La Dirección General de Tráfico se ha vuelto a poner en alerta ante la llegada de una nueva borrasca que podría dejar precipitaciones en forma de nieve en Castilla y León, así como en el centro peninsular.
De manera particular, la DGT prevé que este nuevo episodio meterológico puede afectar a la circulación no solo de las vías comarcales y locales, sino a las carreteras de alta capacidad como la A-6 Madrid-La Coruña, la PP-6 Guadarrama-Adanero, la AP-61 Segovia-San Rafael, la AP-51 Ávila-Villacastín, la A-1 Madrid-Burgos, la AP-1 Burgos-Vitoria, la A-2 Madrid-Calatayud y la A-52 Benavente-Orense.
Medidas de seguridad vial
Como consecuencia, el organismo tiene una serie de medidas previstas para garantizar la fluidez y la seguridad vial, entre las que se incluyen nuevas restricciones a la circulación de vehículos pesados y embolsamiento de camiones, restricciones a la circulación a otros vehículos que no cuenten con neumáticos de invierno, todo tiempo o cadenas, limitaciones de la velocidad de circulación y prohibiciones de adelantamientos, cortes totales preventivos y seguimiento obligatorio de desvíos alternativos.
Además, Tráfico también tiene preparado para su funcionamiento los 32 desvíos automatizados y vigilados en diferentes carreteras para el embolsamiento de camiones, para activarlos si fuera necesario por las condiciones de vialidad invernal que se presenten.

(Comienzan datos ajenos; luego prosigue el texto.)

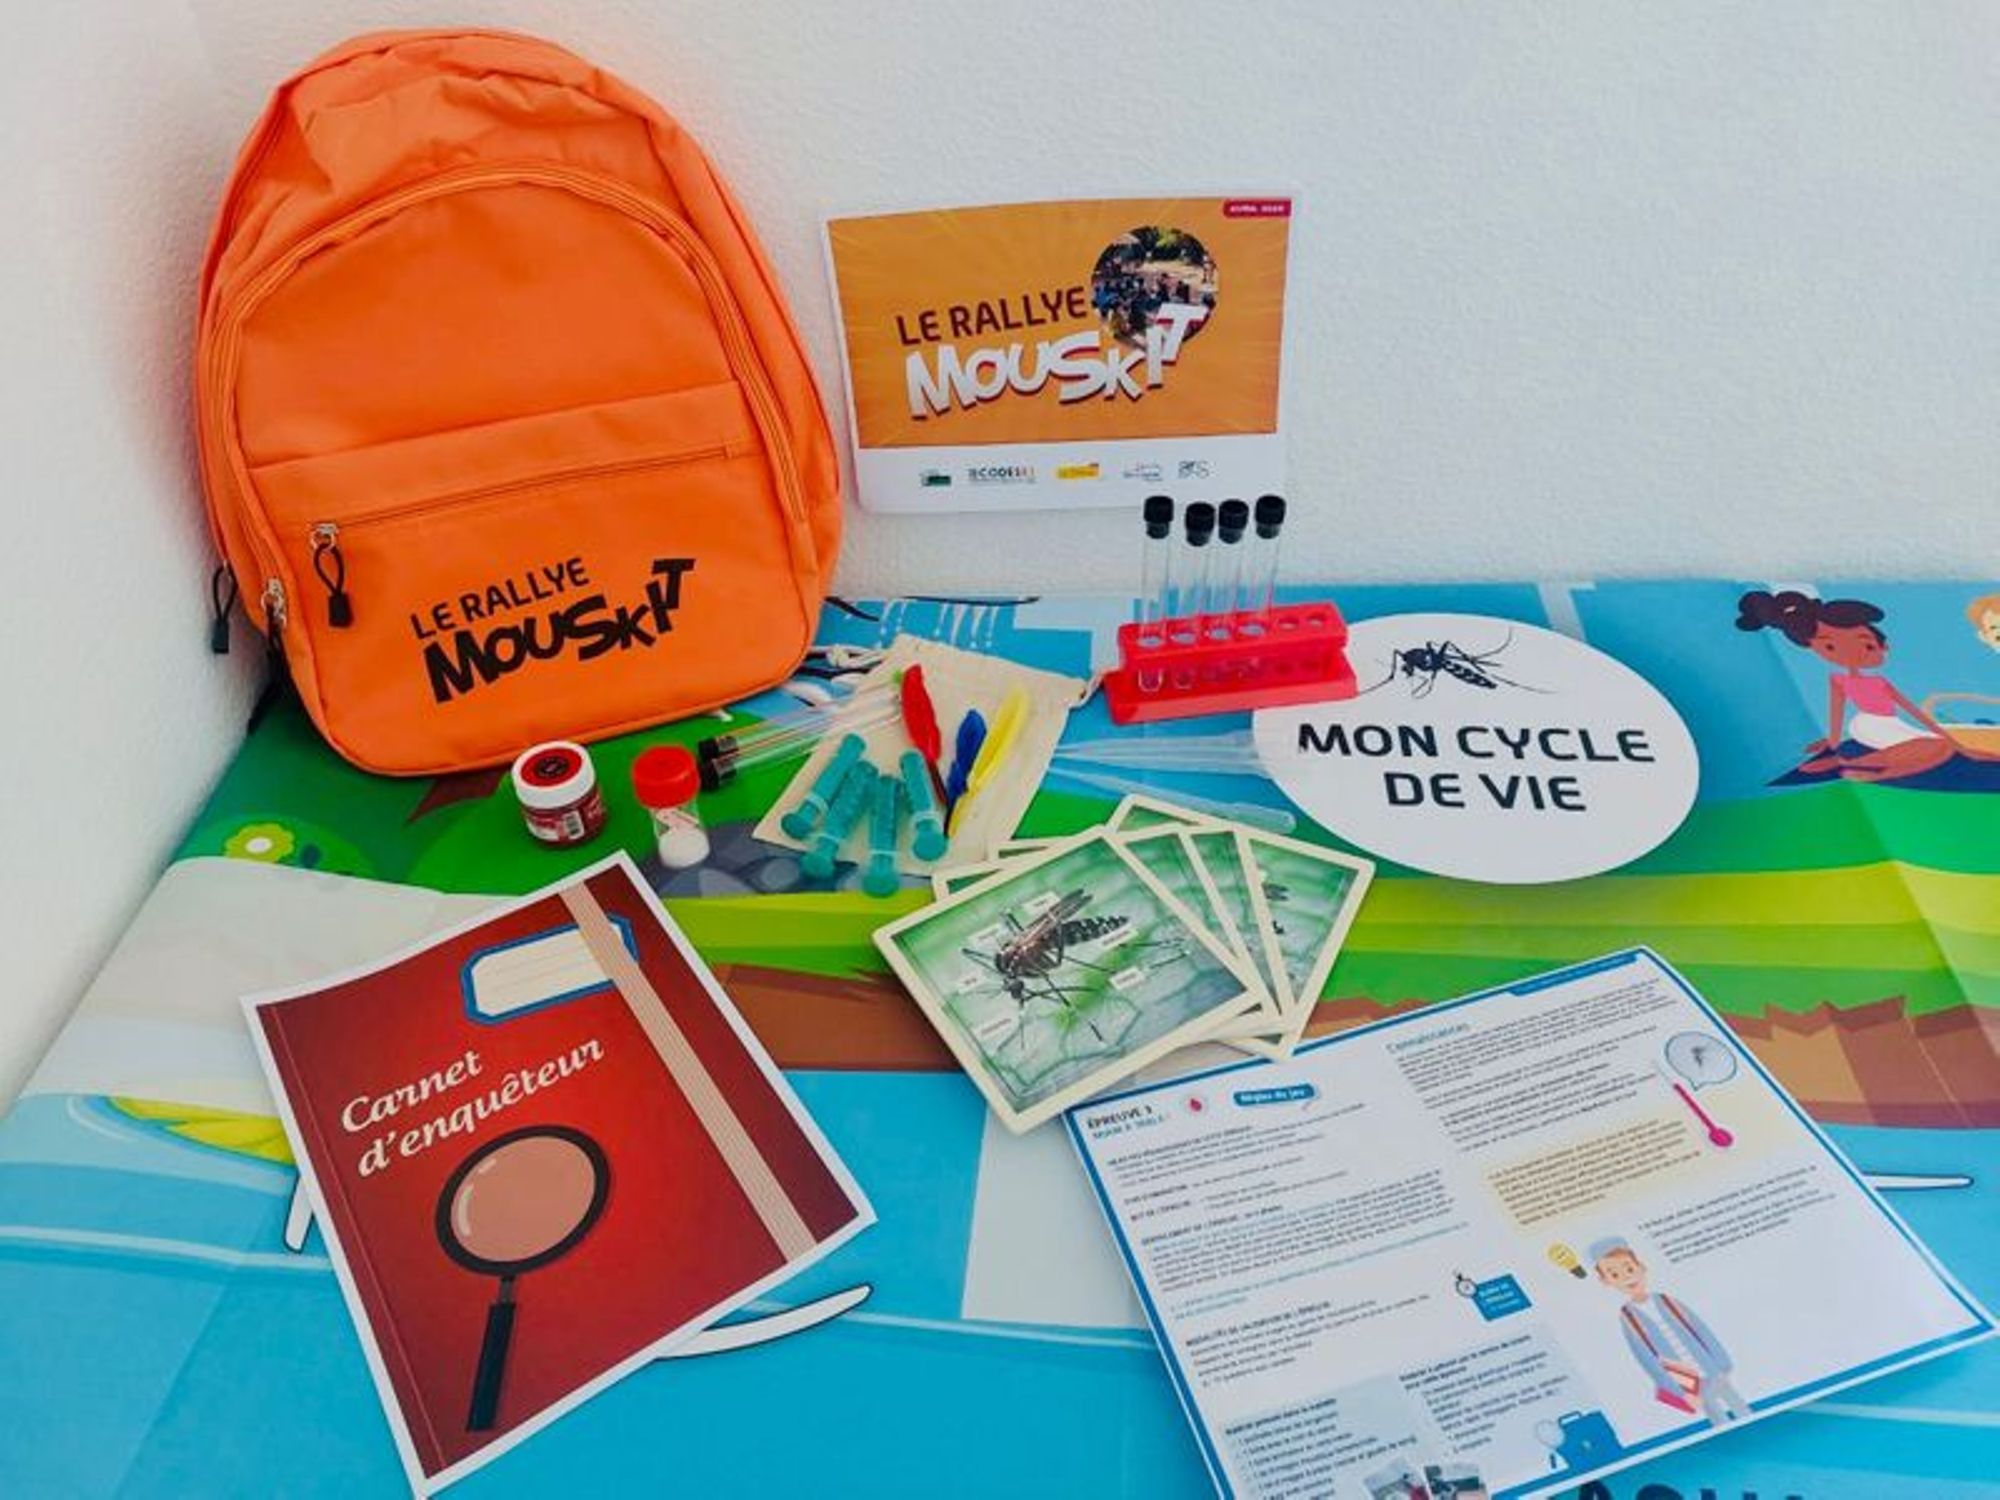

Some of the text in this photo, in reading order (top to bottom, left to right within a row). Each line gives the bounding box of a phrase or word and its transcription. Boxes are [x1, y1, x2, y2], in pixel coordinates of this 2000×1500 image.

La Dirección General de Tráfico asegura que está en contacto permanente para coordinar las actuaciones a desarrollar en caso de nevadas y lluvias con el Ministerio de Transportes y Movilidad Sostenible, entre otros entes públicos.
Áreas de descanso insuficientes
En este contexto, CETM calcula que más de 160 carreteras ha registrado incidencias debido a la nieve, el hielo y las bajas temperaturas que afectan a gran parte del territorio español.
Tráfico ha embolsado camiones hasta en nueve localizaciones diferentes de Castilla y León.
Esta situación vuelve a poner de relieve, a juicio de la patronal, "la insuficiencia de áreas de descanso seguras y equipadas para los transportistas, así como de la falta de servicios básicos en los aparcamientos de viabilidad invernal".
PAra la organización empresarial, "en este tipo de episodios meteorológicos adversos, los conductores profesionales se ven obligados a parar en aparcamientos de viabilidad invernal sin acceso a aseos, duchas, restauración o condiciones mínimas de seguridad y salubridad, lo que aumenta los riesgos operativos y personales".